In early March, weeks before the full severity of the current crisis was clear, KI, IIDA, and a group of local Kansas City design leaders convened at the Kauffman Center for the Performing Arts for what was to be the first in a series of events for KI’s second iteration of the Community as Strategy series. 

The series focuses on the critical role of design in the formation and upkeep of community. Now that the world around us is changing seemingly moment to moment, maintaining community seems crucial. As design professionals, we ask ourselves: how can design help? 

“With so many days ahead of us that will potentially be ‘not normal,’ this historical moment will teach us a lot about who we are as a culture and what we value,” said IIDA Executive Vice President and CEO Cheryl S. Durst, Hon. FIIDA. “These important ongoing conversations will most certainly include design.” 

Right now, we are all looking for new ways to manifest community as our ability to physically gather and connect becomes limited. This extends to our professional lives, as we transition to working from home or dealing with the emotional ramifications of temporary layoffs. Keeping staff employed is a growing concern for design leaders. 

“The Kauffman Center has quite a lot of part-time staff, a lot of whom are custodial or contract workers. I worry about their safety,” says Amy Boesen, the facility supervisor at the Kauffman Center. “I’m noticing that there has been a distinct shift in appreciation for different types of workers in the current environment.”

As events are postponed or canceled, gatherings put on hold, and our own interpersonal relationships tested by the bounds of the virtual sphere, we explore what community means—and how it can be maintained—in times of fear, disconnect, and uncertainty.

“In my experience, the Midwest is all about close-knit communities,” said Boesen. “As things begin to unfold, we will begin to better understand how important that is for us and our loved ones.
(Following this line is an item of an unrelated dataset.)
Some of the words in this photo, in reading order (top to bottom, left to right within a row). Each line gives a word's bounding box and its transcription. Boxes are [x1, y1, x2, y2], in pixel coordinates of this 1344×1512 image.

At Kauffman, we keep in close communication with our staff, medical personnel, and law enforcement to keep the building and our patrons safe.”

Safety is now at the forefront of everyone’s mind and is something that both design and community play an important role in—when it comes to public buildings and spaces, we need to ensure access to safe environments. COVID-19 is creating a unique situation where public spaces are off-limits and healthcare spaces are at capacity. Design strategy has been able to bridge some of that gap by turning locations like New York’s Javits Center or Chicago’s McCormick Place into temporary field hospitals. 
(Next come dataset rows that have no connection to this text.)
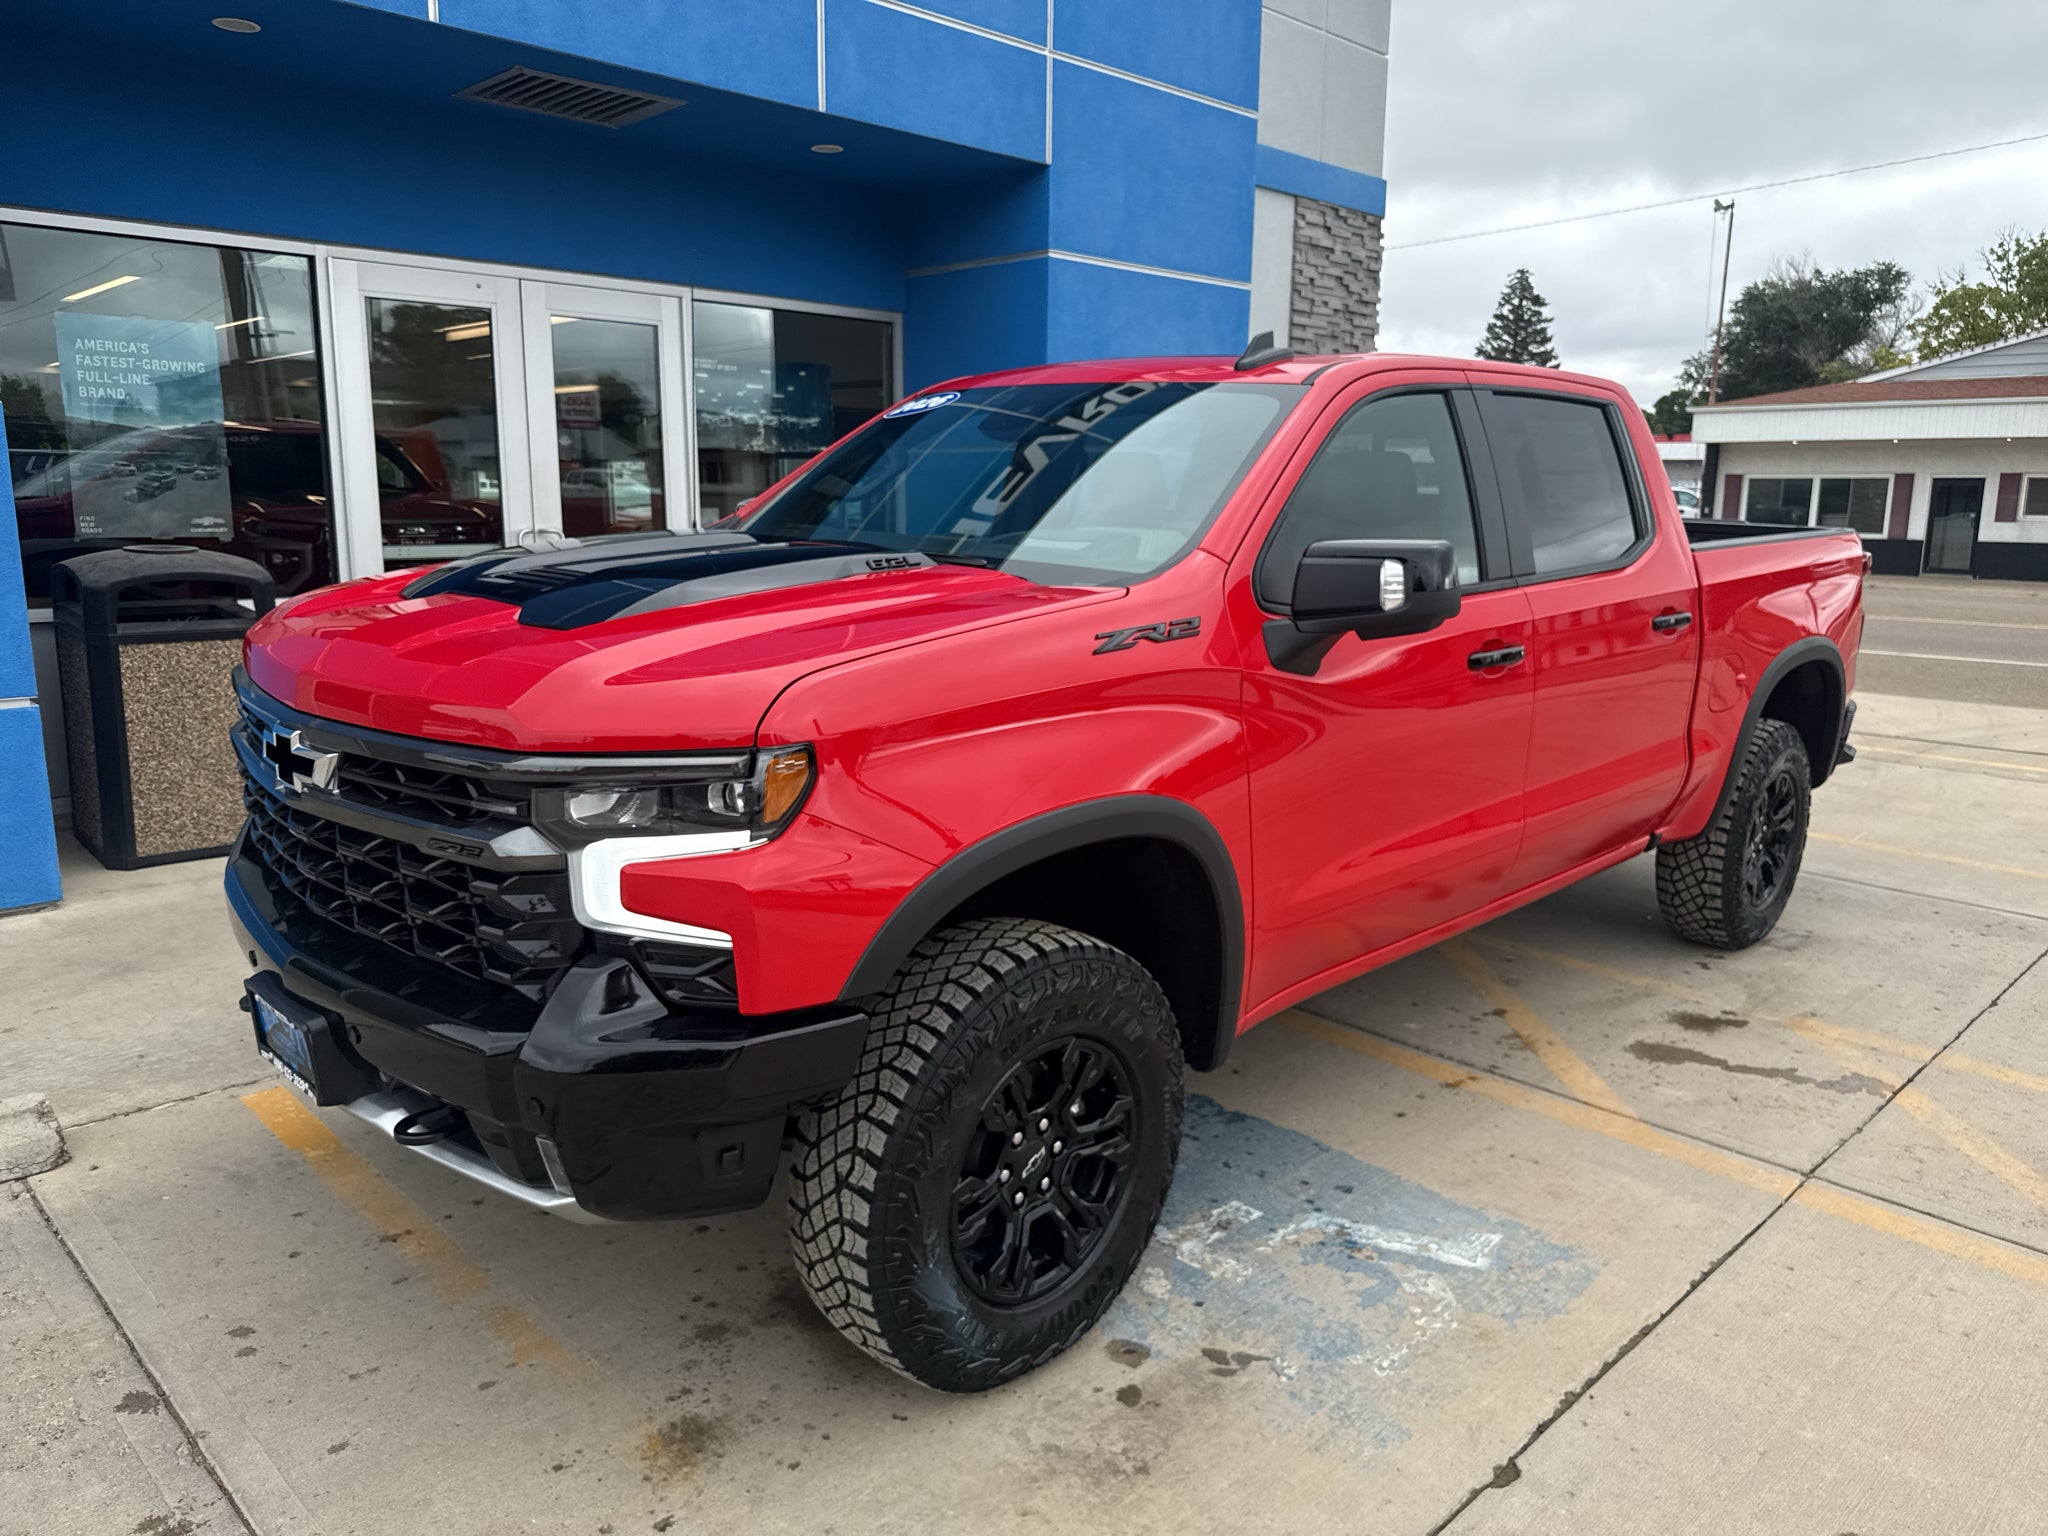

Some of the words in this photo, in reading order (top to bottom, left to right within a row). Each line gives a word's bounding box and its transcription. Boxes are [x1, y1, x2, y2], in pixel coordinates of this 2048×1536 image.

[75, 338, 149, 354] AMERICA'S
[76, 354, 206, 373] FASTEST-GROWING
[77, 370, 151, 385] FULL-LINE
[79, 386, 130, 400] BRAND.
[1092, 616, 1201, 656] ZR2
As the needs of our healthcare communities continue to shift, these pivots in design thinking will undoubtedly be a great support and hopefully a vehicle for change. Bringing design into public policy is necessary for this to happen, especially as we continue turning different spaces into medical environments, homeless shelters, and storage facilities. “There is no point of reference for this kind of situation in our profession, but we are quickly adapting,” said Lenexa, Kansas city council member Julie A. Sayers, IIDA, senior project manager and associate at encompas. “In the long run, we will look to design and architecture for normalcy and problem-solving.” 
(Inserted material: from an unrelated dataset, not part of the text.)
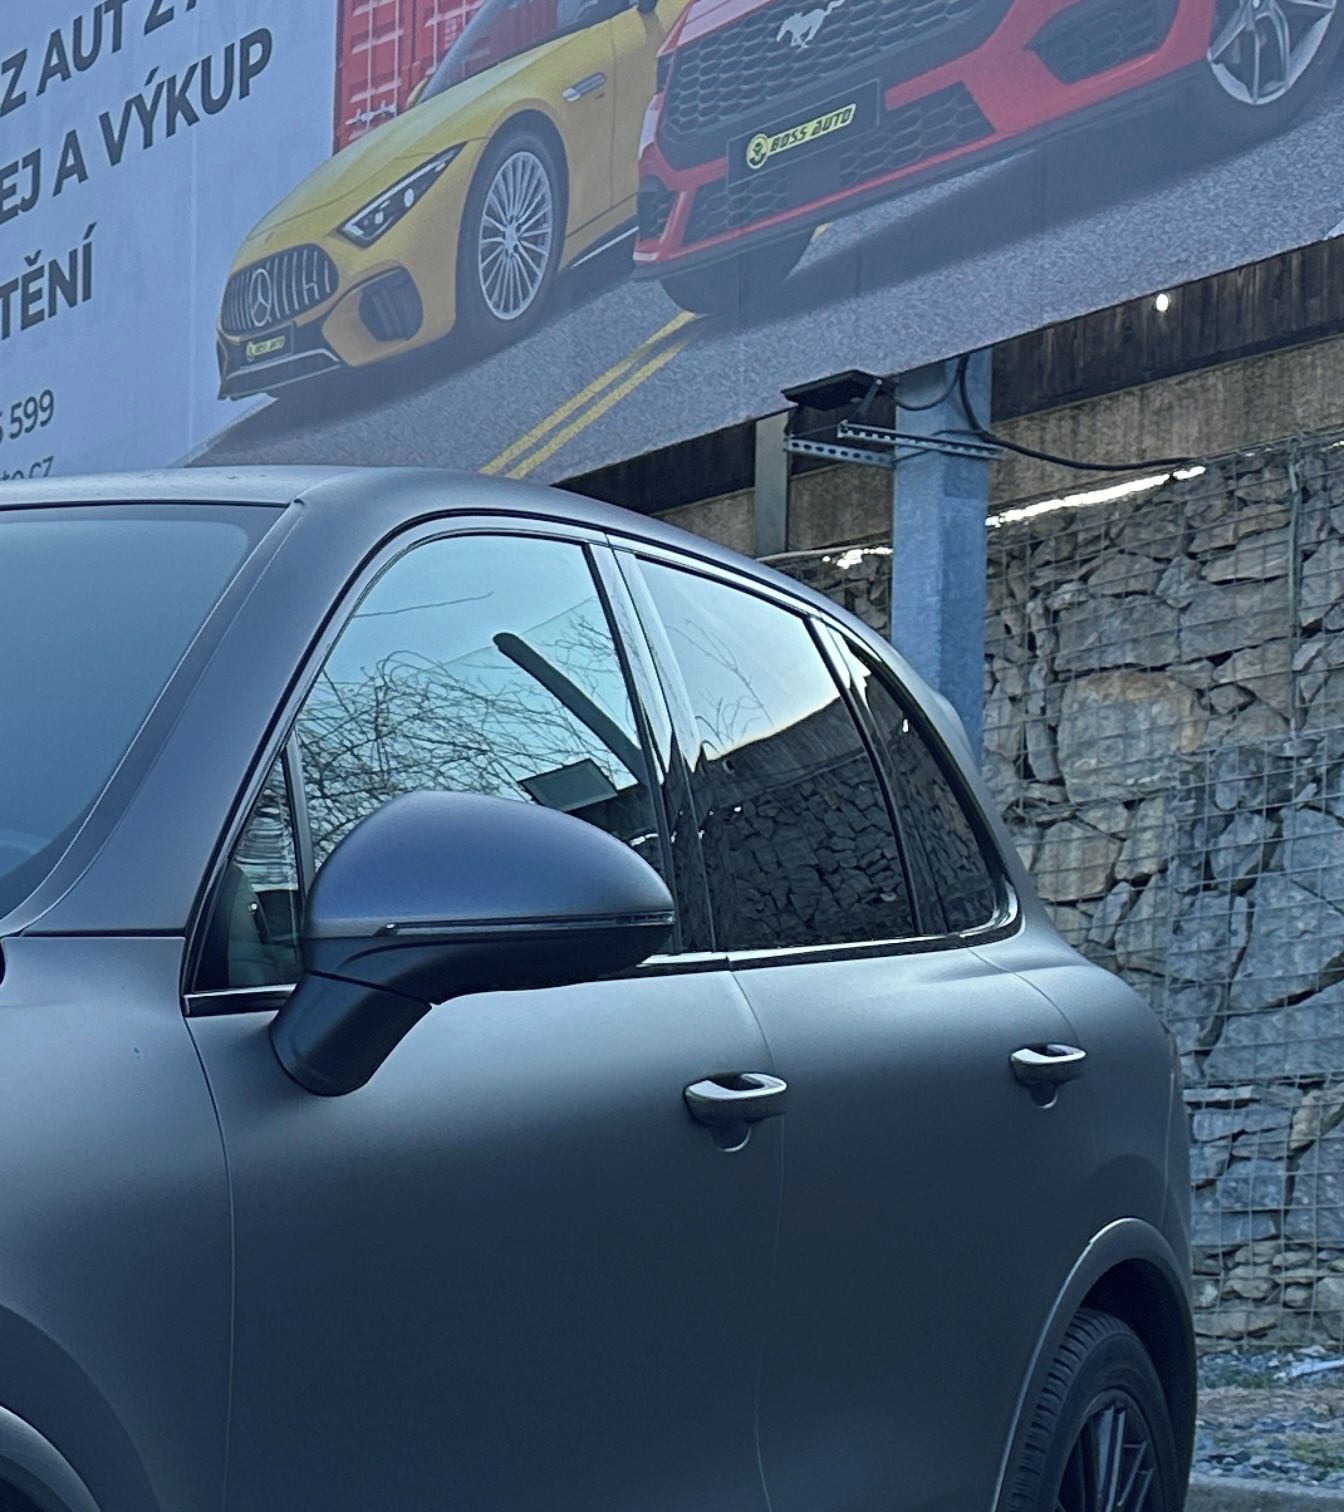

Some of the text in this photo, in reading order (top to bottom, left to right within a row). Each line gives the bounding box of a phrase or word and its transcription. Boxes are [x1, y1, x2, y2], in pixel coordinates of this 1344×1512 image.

[36, 0, 131, 97] AUT
[53, 129, 88, 197] A
[99, 27, 273, 167] VÝKUP
[9, 389, 54, 439] 599
One of the most beneficial elements of design is that it enables you to think differently, a skill that is critical during this liminal period. Design considerations are needed for almost all major elements of society during times of crisis and non-crisis alike from public transportation and infrastructure to emergency housing and medical supplies. 

“Designers are helpers in the aftermath of crises,” Durst points out. “We are wired to solve problems and create innovative solutions.”